多環芳烴(polycyclic aromatic hydrocarbons，PAHs)是指含有兩個(含兩個)以上苯環的芳烴[1]，是一類具有毒性的環境污染物和食品加工污染物，是最先被發現的有“致畸、致癌、致突變”效應的持久型有機污染物之一。其中含有4～6 個苯環的多環芳烴是最常見的容易致癌的化合物[2]。PAHs主要來源于有機物的熱解或不完全燃燒[3]，由人為產生和自然環境產生，自然源主要來自陸地、水生植物和微生物的生物合成過程，另外天然火災及火山的噴發物和從化石燃料、木質素還有底泥中也會產生多環芳烴；人為源主要是由各種礦物燃料(如煤、石油和天然氣等)、木材、紙以及其他含碳氫化合物的不完全燃燒或在還原條件下熱解形成的[4]。而食品中的多環芳烴污染物來源于環境和食品加工過程的污染。食品的加工過程被認為是食品中PAHs的主要來源，其加工過程包括烘干、煙熏、烹調等[5]。

1976年美國環境保護(Environmental Protection Agency，EPA)根據環境中存在的PAHs致癌性和種類優先監測了16個PAHs，分別是Ant、Flt、Pyr、BaA、Chr、NaP、Anl、Ane、Flu、Phen、BbF、BkF、BaP、InP、DahA、BghiP，簡稱EPA16[6]。食品中致癌物質PAHs發生的標志物苯并(a)芘(benzo(a)pyrene，BaP)是歐盟食品安全局(European Food Safety Authority，EFSA)于2002年所規定[7]。我國現行的GB 2762—2017《食品安全國家標準 食品中污染物限量》也把BaP作為食品中PAHs發生的致癌標志物就是依據于此[8]。六年后EFSA表示食品中PAHs出現的標識物BaP不再是一個合適的代表。隨后引用了3種新的標識物，分別是PAH2(Chr、BaP)、PAH4(PAH2、BbF、BaA)、PAH8(PAH4、BghiP、BkF、InP和DahA)[9]。并且提出了不同于EPA16的16種食品中的PAHs，簡稱EFSA16(BbF、BaA、Chr、InP、DahA、BkF、BaP、BghiP、BjK、DBahP、CPP、DBaeP、DBaiP、5-MeCh、DBalP和BcF)[10]。在檢測方面，我國同歐盟對食品中的PAH4和BaP做了各自的最大限值規定，限量值見表1[8, 11-12]。表中加入了暫未實行的GB 2762—XXXX《食品安全國家標準 食品中污染物限量》(征求意見稿)[11]，征求意見稿的發布日期是2020年8月31日。從表1中不難發現，與現行版本比，目前的征求意見稿僅僅修改了谷物及其制品中BaP限量要求，尚未建立較為完整的食品中BaP含量評價標準。相比于國際上對食品中PAHs的研究和日益完善的評價標準，我國還處于停滯狀態，國內目前對食品中PAHs的危害性評價還處于依據單一的BaP作為標識物[13]。無論是檢測的食品種類，還是檢測標識物以及標識物的限量要求都同歐盟有所差距。究其原因是社會對食品中PAHs的危害意識不夠，缺乏重視，致使相關的檢測研究相較于歐美國家較為滯后，有所空缺。因此，為了更好的保障食品安全，嚴格控制PAHs在食品中的含量，建立完善的評價標準，發展和探索更為精確實用的檢測手段就顯得十分有意義。因此，本文對目前的檢測方法及其檢測限等內容做了探討。

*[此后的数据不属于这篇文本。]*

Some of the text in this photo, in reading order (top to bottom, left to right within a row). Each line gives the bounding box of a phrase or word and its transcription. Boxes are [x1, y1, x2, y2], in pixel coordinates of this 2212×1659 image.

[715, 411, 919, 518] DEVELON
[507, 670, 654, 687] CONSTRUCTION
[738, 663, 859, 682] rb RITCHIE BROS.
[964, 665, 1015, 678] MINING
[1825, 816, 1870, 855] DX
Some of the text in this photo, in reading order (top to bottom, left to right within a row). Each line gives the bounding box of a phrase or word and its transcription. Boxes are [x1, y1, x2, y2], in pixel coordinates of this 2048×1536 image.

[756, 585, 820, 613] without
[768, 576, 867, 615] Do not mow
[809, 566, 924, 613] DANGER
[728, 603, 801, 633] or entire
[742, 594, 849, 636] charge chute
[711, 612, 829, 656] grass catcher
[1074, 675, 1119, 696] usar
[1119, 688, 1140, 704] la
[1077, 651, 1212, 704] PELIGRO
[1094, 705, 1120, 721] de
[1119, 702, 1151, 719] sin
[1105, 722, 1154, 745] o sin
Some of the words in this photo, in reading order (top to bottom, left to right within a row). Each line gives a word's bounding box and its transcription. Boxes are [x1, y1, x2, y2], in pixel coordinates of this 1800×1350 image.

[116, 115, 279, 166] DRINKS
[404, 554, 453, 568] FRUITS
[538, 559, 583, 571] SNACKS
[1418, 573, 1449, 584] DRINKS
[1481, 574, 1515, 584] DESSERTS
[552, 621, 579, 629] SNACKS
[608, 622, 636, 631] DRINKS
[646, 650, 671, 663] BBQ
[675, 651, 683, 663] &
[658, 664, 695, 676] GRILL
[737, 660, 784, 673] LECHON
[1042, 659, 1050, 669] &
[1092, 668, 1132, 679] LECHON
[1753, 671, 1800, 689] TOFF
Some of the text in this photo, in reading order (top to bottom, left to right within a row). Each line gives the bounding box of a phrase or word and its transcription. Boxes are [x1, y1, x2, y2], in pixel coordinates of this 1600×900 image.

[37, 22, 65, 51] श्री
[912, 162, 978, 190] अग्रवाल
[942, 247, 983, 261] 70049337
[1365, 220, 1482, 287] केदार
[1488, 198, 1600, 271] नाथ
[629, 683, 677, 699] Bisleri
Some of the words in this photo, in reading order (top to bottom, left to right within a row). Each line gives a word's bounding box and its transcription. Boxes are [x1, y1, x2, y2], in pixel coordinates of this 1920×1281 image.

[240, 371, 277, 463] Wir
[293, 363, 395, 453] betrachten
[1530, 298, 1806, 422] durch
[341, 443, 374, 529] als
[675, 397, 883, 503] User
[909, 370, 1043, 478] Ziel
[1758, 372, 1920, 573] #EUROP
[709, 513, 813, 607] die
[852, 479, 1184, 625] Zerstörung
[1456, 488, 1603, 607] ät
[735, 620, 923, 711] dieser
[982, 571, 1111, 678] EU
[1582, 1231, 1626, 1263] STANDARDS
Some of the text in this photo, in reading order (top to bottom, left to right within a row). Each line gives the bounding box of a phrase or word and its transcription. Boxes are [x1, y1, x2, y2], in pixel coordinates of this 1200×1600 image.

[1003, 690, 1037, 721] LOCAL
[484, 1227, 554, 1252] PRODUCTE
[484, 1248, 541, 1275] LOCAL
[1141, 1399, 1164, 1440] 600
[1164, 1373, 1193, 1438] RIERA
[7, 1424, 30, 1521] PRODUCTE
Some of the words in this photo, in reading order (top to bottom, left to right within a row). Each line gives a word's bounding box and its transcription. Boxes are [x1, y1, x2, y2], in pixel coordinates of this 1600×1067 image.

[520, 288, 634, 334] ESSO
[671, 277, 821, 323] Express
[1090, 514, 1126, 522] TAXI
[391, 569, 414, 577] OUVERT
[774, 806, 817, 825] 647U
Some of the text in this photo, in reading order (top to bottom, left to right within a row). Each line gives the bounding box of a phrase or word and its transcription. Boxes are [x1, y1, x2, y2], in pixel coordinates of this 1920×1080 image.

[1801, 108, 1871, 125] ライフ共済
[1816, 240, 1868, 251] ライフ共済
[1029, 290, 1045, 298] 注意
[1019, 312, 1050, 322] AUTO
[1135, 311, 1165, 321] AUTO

表1 食品中PAH4和BaP最大限值的國內外比對[8, 11-12]

1 食品中多環芳烴的提取

食品一般由脂肪類化合物、芳香烴、有機酸和水等成分構成，多環芳烴是非極性物質，能使用石油醚、醇類、氯仿、苯、丙酮等有機溶劑進行提取。目前PAHs的主要提取方法有索氏提取法、超聲波提取法、超臨界流體萃取法、微波輔助萃取等。

1.1 索氏提取法

索氏提取法是一種傳統提取方法。樣品使用的種類多，樣品的提取量大，需要純化。其最大的優點是回收提取的效率較高。缺點是通常需要連續提取，耗時長，并且溶劑的使用量大，需要嚴格控制溫度，使用大量有毒的有機溶劑[14]。因此，索氏提取法通常用于其它方法提取效果的評價參考，是因其耗時長，提取效率相對比較高等特點[15-16]。

1.2 超聲波提取法

超聲波提取法的原理是利用超聲波產生的強烈振動和高加速度等效應加速提取物進入萃取溶劑的方法。對于提取結構不穩定的化合物，其結構可能會被超聲波破壞，用此方法是不恰當的[17]。采用超聲波提取方法操作簡單，提取速度快，溶劑使用量少，且具有較高的回收率。加之PAHs結構比較穩定，所以食品中多環芳烴的提取采用超聲波提取法較為常見[18-19]。雖然超聲波常常用于廢水中污染物質的降解[20]，但是對于多環芳烴這一類相對穩定的化合物其影響可以忽略。

1.3 超臨界流體萃取法

超臨界流體萃取法(supercritical fluid extraction，SFE)是指利用超臨界流體高擴散性和良好的溶解能力來實現對實際樣品中目標化合物的萃取分離，具有操作簡單，回收率相對較高，提取速度快等特點[21]。并且能夠聯用各種當代分析儀器，如高效液相色譜、氣相色譜、氣相色譜-質譜等[22-23]。

1.4 微波輔助萃取法

微波輔助萃取法是指用微波對樣品進行加熱,其加熱一些極性溶劑的方法是利用極性分子可迅速吸收微波能量的特點。此方法可以對萃取物質的不同組分進行選擇性加熱，選擇性好，速度快。常用于分析土壤中的有機污染物[24-25]。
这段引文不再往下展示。